**Dataset records:**
Content starts
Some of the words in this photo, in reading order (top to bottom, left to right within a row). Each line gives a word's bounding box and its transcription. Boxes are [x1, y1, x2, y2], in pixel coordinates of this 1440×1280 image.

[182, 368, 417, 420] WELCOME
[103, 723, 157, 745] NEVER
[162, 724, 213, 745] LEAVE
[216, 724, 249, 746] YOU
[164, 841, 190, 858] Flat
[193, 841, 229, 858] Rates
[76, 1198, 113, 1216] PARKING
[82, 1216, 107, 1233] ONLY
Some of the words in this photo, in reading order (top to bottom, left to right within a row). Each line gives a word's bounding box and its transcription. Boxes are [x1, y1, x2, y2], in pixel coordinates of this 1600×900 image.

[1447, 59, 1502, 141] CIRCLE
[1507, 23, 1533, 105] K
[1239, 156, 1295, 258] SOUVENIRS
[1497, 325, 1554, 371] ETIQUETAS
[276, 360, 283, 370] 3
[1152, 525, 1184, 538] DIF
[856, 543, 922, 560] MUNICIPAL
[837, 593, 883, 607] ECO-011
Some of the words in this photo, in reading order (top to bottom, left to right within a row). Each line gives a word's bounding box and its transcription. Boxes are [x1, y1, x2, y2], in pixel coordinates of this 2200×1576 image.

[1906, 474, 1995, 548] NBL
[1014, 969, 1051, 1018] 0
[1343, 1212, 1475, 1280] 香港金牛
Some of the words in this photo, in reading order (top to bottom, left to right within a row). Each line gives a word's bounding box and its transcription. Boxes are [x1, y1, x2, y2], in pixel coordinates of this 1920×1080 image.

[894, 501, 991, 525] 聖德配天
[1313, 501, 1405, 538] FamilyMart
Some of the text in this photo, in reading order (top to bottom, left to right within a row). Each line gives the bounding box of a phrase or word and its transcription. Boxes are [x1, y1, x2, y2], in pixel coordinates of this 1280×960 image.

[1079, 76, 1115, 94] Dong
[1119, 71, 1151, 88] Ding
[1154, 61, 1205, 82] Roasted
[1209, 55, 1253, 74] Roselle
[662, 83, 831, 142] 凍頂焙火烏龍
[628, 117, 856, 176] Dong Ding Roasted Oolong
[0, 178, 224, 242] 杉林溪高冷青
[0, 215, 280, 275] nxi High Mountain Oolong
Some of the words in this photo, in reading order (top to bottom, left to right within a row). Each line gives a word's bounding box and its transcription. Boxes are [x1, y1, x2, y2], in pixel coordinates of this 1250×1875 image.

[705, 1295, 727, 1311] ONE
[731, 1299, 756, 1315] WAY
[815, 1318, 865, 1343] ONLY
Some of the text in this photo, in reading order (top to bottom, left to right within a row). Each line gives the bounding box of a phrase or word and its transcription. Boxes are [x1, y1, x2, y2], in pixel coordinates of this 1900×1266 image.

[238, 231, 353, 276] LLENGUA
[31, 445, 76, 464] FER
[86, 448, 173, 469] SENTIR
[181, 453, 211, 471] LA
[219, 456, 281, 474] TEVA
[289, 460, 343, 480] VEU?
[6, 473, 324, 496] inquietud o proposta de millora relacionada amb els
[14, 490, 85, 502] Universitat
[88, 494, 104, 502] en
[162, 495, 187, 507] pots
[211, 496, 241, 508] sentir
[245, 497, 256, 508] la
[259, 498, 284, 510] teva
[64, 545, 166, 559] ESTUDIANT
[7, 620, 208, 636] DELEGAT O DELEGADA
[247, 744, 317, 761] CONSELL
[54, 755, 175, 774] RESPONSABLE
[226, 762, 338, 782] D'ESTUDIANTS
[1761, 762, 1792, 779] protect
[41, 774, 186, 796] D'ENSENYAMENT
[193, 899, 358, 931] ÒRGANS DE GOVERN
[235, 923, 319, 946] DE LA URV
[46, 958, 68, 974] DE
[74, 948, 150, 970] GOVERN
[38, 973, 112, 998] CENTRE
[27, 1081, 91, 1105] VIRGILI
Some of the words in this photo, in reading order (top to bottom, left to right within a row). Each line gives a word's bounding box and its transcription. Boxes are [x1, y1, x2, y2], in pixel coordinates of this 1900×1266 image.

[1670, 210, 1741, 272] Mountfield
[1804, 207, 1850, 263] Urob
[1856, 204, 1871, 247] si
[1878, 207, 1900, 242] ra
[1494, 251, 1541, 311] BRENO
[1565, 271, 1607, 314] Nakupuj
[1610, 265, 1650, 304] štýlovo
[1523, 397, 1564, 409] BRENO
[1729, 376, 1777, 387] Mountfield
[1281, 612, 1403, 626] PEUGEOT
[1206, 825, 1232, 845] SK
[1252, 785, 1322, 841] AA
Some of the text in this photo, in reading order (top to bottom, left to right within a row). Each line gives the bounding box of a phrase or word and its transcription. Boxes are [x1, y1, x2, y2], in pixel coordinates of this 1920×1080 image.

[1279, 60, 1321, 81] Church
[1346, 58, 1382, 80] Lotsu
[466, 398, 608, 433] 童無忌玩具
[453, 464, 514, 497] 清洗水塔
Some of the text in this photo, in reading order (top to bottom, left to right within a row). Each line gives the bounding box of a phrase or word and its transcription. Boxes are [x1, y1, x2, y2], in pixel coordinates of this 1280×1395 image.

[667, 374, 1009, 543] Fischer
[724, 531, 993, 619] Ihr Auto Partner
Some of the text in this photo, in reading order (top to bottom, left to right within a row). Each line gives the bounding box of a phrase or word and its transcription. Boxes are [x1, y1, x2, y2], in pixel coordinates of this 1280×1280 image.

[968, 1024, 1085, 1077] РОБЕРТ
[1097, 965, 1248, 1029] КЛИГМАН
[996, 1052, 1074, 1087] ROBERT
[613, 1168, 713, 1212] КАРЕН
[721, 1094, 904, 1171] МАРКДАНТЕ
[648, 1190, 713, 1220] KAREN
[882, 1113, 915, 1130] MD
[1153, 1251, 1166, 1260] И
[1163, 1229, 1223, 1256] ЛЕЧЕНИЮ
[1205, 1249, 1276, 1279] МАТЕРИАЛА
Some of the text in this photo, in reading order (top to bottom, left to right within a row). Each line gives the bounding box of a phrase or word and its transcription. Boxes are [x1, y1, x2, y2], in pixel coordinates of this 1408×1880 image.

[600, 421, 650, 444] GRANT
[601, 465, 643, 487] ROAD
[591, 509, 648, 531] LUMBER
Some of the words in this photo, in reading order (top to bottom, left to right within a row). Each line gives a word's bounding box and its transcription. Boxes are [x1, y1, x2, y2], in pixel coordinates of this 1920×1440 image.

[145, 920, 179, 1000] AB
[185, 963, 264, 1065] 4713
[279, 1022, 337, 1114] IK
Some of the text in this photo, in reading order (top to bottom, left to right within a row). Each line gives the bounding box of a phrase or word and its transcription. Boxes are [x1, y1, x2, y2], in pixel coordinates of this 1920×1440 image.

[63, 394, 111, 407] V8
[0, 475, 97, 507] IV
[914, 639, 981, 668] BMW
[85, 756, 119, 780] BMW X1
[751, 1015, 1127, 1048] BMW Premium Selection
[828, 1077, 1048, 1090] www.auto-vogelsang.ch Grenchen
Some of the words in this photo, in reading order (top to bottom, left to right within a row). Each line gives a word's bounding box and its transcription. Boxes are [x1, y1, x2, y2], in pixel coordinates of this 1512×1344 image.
Content ends
**PROMPT:**
All records above are to be printed exactly, with nothing omitted.

**SOLUTION FOR THIS TASK:**
Some of the words in this photo, in reading order (top to bottom, left to right within a row). Each line gives a word's bounding box and its transcription. Boxes are [x1, y1, x2, y2], in pixel coordinates of this 1440×1280 image.

[182, 368, 417, 420] WELCOME
[103, 723, 157, 745] NEVER
[162, 724, 213, 745] LEAVE
[216, 724, 249, 746] YOU
[164, 841, 190, 858] Flat
[193, 841, 229, 858] Rates
[76, 1198, 113, 1216] PARKING
[82, 1216, 107, 1233] ONLY
Some of the words in this photo, in reading order (top to bottom, left to right within a row). Each line gives a word's bounding box and its transcription. Boxes are [x1, y1, x2, y2], in pixel coordinates of this 1600×900 image.

[1447, 59, 1502, 141] CIRCLE
[1507, 23, 1533, 105] K
[1239, 156, 1295, 258] SOUVENIRS
[1497, 325, 1554, 371] ETIQUETAS
[276, 360, 283, 370] 3
[1152, 525, 1184, 538] DIF
[856, 543, 922, 560] MUNICIPAL
[837, 593, 883, 607] ECO-011
Some of the words in this photo, in reading order (top to bottom, left to right within a row). Each line gives a word's bounding box and its transcription. Boxes are [x1, y1, x2, y2], in pixel coordinates of this 2200×1576 image.

[1906, 474, 1995, 548] NBL
[1014, 969, 1051, 1018] 0
[1343, 1212, 1475, 1280] 香港金牛
Some of the words in this photo, in reading order (top to bottom, left to right within a row). Each line gives a word's bounding box and its transcription. Boxes are [x1, y1, x2, y2], in pixel coordinates of this 1920×1080 image.

[894, 501, 991, 525] 聖德配天
[1313, 501, 1405, 538] FamilyMart
Some of the text in this photo, in reading order (top to bottom, left to right within a row). Each line gives the bounding box of a phrase or word and its transcription. Boxes are [x1, y1, x2, y2], in pixel coordinates of this 1280×960 image.

[1079, 76, 1115, 94] Dong
[1119, 71, 1151, 88] Ding
[1154, 61, 1205, 82] Roasted
[1209, 55, 1253, 74] Roselle
[662, 83, 831, 142] 凍頂焙火烏龍
[628, 117, 856, 176] Dong Ding Roasted Oolong
[0, 178, 224, 242] 杉林溪高冷青
[0, 215, 280, 275] nxi High Mountain Oolong
Some of the words in this photo, in reading order (top to bottom, left to right within a row). Each line gives a word's bounding box and its transcription. Boxes are [x1, y1, x2, y2], in pixel coordinates of this 1250×1875 image.

[705, 1295, 727, 1311] ONE
[731, 1299, 756, 1315] WAY
[815, 1318, 865, 1343] ONLY
Some of the text in this photo, in reading order (top to bottom, left to right within a row). Each line gives the bounding box of a phrase or word and its transcription. Boxes are [x1, y1, x2, y2], in pixel coordinates of this 1900×1266 image.

[238, 231, 353, 276] LLENGUA
[31, 445, 76, 464] FER
[86, 448, 173, 469] SENTIR
[181, 453, 211, 471] LA
[219, 456, 281, 474] TEVA
[289, 460, 343, 480] VEU?
[6, 473, 324, 496] inquietud o proposta de millora relacionada amb els
[14, 490, 85, 502] Universitat
[88, 494, 104, 502] en
[162, 495, 187, 507] pots
[211, 496, 241, 508] sentir
[245, 497, 256, 508] la
[259, 498, 284, 510] teva
[64, 545, 166, 559] ESTUDIANT
[7, 620, 208, 636] DELEGAT O DELEGADA
[247, 744, 317, 761] CONSELL
[54, 755, 175, 774] RESPONSABLE
[226, 762, 338, 782] D'ESTUDIANTS
[1761, 762, 1792, 779] protect
[41, 774, 186, 796] D'ENSENYAMENT
[193, 899, 358, 931] ÒRGANS DE GOVERN
[235, 923, 319, 946] DE LA URV
[46, 958, 68, 974] DE
[74, 948, 150, 970] GOVERN
[38, 973, 112, 998] CENTRE
[27, 1081, 91, 1105] VIRGILI
Some of the words in this photo, in reading order (top to bottom, left to right within a row). Each line gives a word's bounding box and its transcription. Boxes are [x1, y1, x2, y2], in pixel coordinates of this 1900×1266 image.

[1670, 210, 1741, 272] Mountfield
[1804, 207, 1850, 263] Urob
[1856, 204, 1871, 247] si
[1878, 207, 1900, 242] ra
[1494, 251, 1541, 311] BRENO
[1565, 271, 1607, 314] Nakupuj
[1610, 265, 1650, 304] štýlovo
[1523, 397, 1564, 409] BRENO
[1729, 376, 1777, 387] Mountfield
[1281, 612, 1403, 626] PEUGEOT
[1206, 825, 1232, 845] SK
[1252, 785, 1322, 841] AA
Some of the text in this photo, in reading order (top to bottom, left to right within a row). Each line gives the bounding box of a phrase or word and its transcription. Boxes are [x1, y1, x2, y2], in pixel coordinates of this 1920×1080 image.

[1279, 60, 1321, 81] Church
[1346, 58, 1382, 80] Lotsu
[466, 398, 608, 433] 童無忌玩具
[453, 464, 514, 497] 清洗水塔
Some of the text in this photo, in reading order (top to bottom, left to right within a row). Each line gives the bounding box of a phrase or word and its transcription. Boxes are [x1, y1, x2, y2], in pixel coordinates of this 1280×1395 image.

[667, 374, 1009, 543] Fischer
[724, 531, 993, 619] Ihr Auto Partner
Some of the text in this photo, in reading order (top to bottom, left to right within a row). Each line gives the bounding box of a phrase or word and its transcription. Boxes are [x1, y1, x2, y2], in pixel coordinates of this 1280×1280 image.

[968, 1024, 1085, 1077] РОБЕРТ
[1097, 965, 1248, 1029] КЛИГМАН
[996, 1052, 1074, 1087] ROBERT
[613, 1168, 713, 1212] КАРЕН
[721, 1094, 904, 1171] МАРКДАНТЕ
[648, 1190, 713, 1220] KAREN
[882, 1113, 915, 1130] MD
[1153, 1251, 1166, 1260] И
[1163, 1229, 1223, 1256] ЛЕЧЕНИЮ
[1205, 1249, 1276, 1279] МАТЕРИАЛА
Some of the text in this photo, in reading order (top to bottom, left to right within a row). Each line gives the bounding box of a phrase or word and its transcription. Boxes are [x1, y1, x2, y2], in pixel coordinates of this 1408×1880 image.

[600, 421, 650, 444] GRANT
[601, 465, 643, 487] ROAD
[591, 509, 648, 531] LUMBER
Some of the words in this photo, in reading order (top to bottom, left to right within a row). Each line gives a word's bounding box and its transcription. Boxes are [x1, y1, x2, y2], in pixel coordinates of this 1920×1440 image.

[145, 920, 179, 1000] AB
[185, 963, 264, 1065] 4713
[279, 1022, 337, 1114] IK
Some of the text in this photo, in reading order (top to bottom, left to right within a row). Each line gives the bounding box of a phrase or word and its transcription. Boxes are [x1, y1, x2, y2], in pixel coordinates of this 1920×1440 image.

[63, 394, 111, 407] V8
[0, 475, 97, 507] IV
[914, 639, 981, 668] BMW
[85, 756, 119, 780] BMW X1
[751, 1015, 1127, 1048] BMW Premium Selection
[828, 1077, 1048, 1090] www.auto-vogelsang.ch Grenchen
Some of the words in this photo, in reading order (top to bottom, left to right within a row). Each line gives a word's bounding box and its transcription. Boxes are [x1, y1, x2, y2], in pixel coordinates of this 1512×1344 image.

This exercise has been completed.